Solenoid

A capacitor of capacitance $100 \mathrm{\mu F}$is connected to a battery of $20 \mathrm{V}$ for a long time and then disconnected from it. It is now connected across a long solenoid having $4000 \mathrm{turns} \mathrm{per} \mathrm{meter}$. It is found that the potential difference across the capacitor drops to $90\%$ of its maximum value in $2.0 \mathrm{s}$. Estimate the average magnetic field produced at the centre of the solenoid during this period.

A tightly-wound, long solenoid is kept with its axis parallel to a large metal sheet carrying a surface current. The surface current through the width $dl$ of the sheet is $Kdl$ and the number of turns per unit length of the solenoid is $n$. The magnetic field near the centre of the solenoid is found to be zero,

$\left(\mathrm{a}\right)$ Find the current in the solenoid. $\left(\mathrm{b}\right)$ If the solenoid is rotated to make its axis perpendicular to the metal sheet, what would be the magnitude of the magnetic field near its centre?

A tightly-wound, long solenoid has $n$ turns per unit length, a radius $r$ and carries a current $i$. A particle having charge $q$ and mass $m$ is projected from a point on the axis in a direction perpendicular to the axis. What can be the maximum speed for which the particle does not strike the solenoid?
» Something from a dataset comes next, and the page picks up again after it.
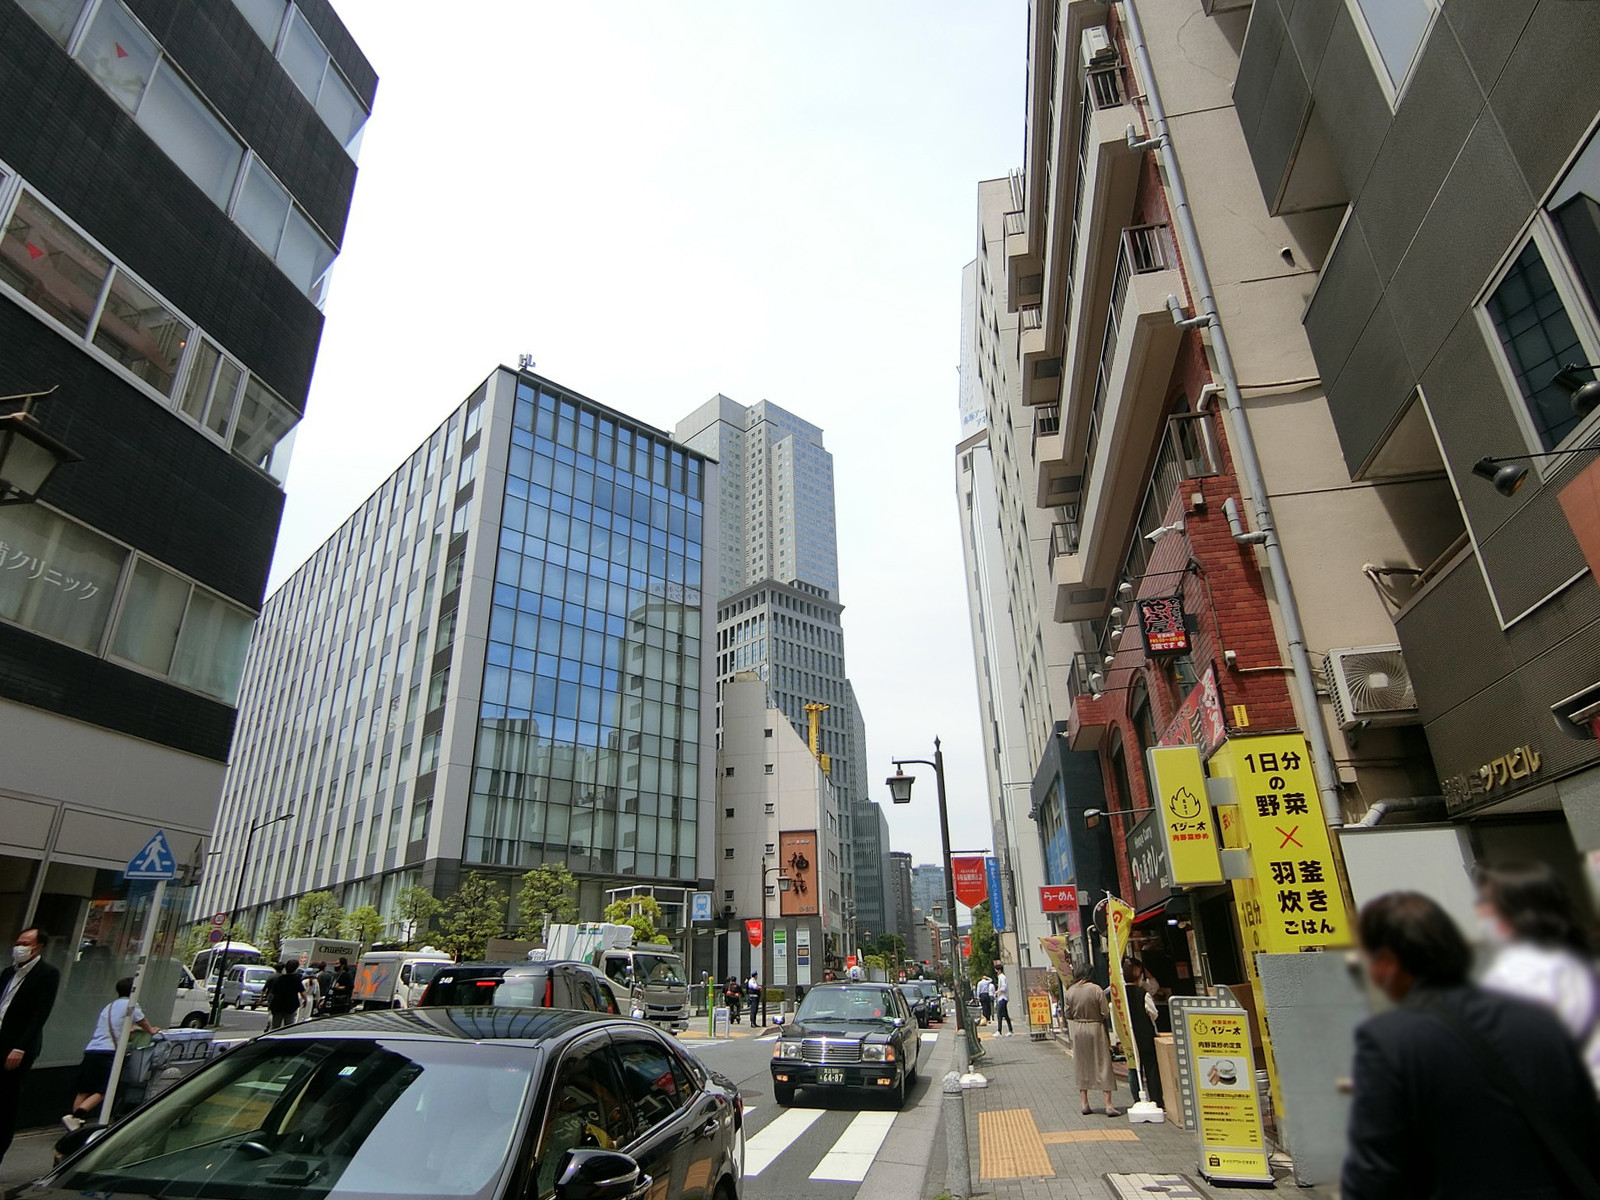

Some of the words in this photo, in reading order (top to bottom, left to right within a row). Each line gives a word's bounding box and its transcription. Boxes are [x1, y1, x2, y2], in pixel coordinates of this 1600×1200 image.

A tightly-wound, long solenoid carries a current of $2.00 \mathrm{A}$. An electron is found to execute a uniform circular motion inside the solenoid with a frequency of $1.00\times {10}^8 \mathrm{rev} {\mathrm{s}}^{-1}$. Find the number of turns per metre in the solenoid.

A tightly-wound solenoid of radius $a$ and length $\mathcal{l}$ has $n$ turns per unit length. It carries an electric current $i$. Consider a length $dx$ off the solenoid at a distance $x$ from one end. This contains $ndx$ turns and may be approximated as a circular current $i\mathit{ }n\mathit{ }dx$.

(a) Write the magnetic field at the centre of the solenoid due to this circular current. Integrate this expression under proper limits to find the magnetic field at the centre of the solenoid.

(b) Verify that if $\mathcal{l}>>\mathrm{a}$, the field tends to $B={\mu }_{0}ni$ , the and if $a>>\mathcal{l}$, the field tends to $B=\frac{{\mu }_{0}nil}{2a}$. Interpret these results.

A copper wire having resistance $0.01 \mathrm{ohm}$ in each metre is used to wind a $400$ turn solenoid of radius $1.0 \mathrm{cm}$ and length $20 \mathrm{cm}$. Find the emf of a battery which when connected across the solenoid will cause a magnetic field of $1.0\times {10}^{-2} \mathrm{T}$ near the centre of the solenoid.

A long solenoid is fabricated by closely winding a wire of radius $0.5 \mathrm{mm}$ over a cylindrical nonmagnetic frame so that the successive turns nearly touch each other. What would be the magnetic field $B$ at the centre of the solenoid if it carries a current of $5 \mathrm{A}$?

The magnetic field $B$ inside a long solenoid, carrying a current of $5.00 \mathrm{A}$, is $3.14\times {10}^{-2} \mathrm{T}$. Find the number of turns per unit length of the solenoid.

The magnetic field inside a tightly wound, long solenoid is $B={\mu }_{0}ni.$ It suggests that the field does not depend on the total length of the solenoid, and hence if we add more loops at the ends of a solenoid the field should not increase. Explain qualitatively why the extra-added loops do not have a considerable effect on the field inside the solenoid.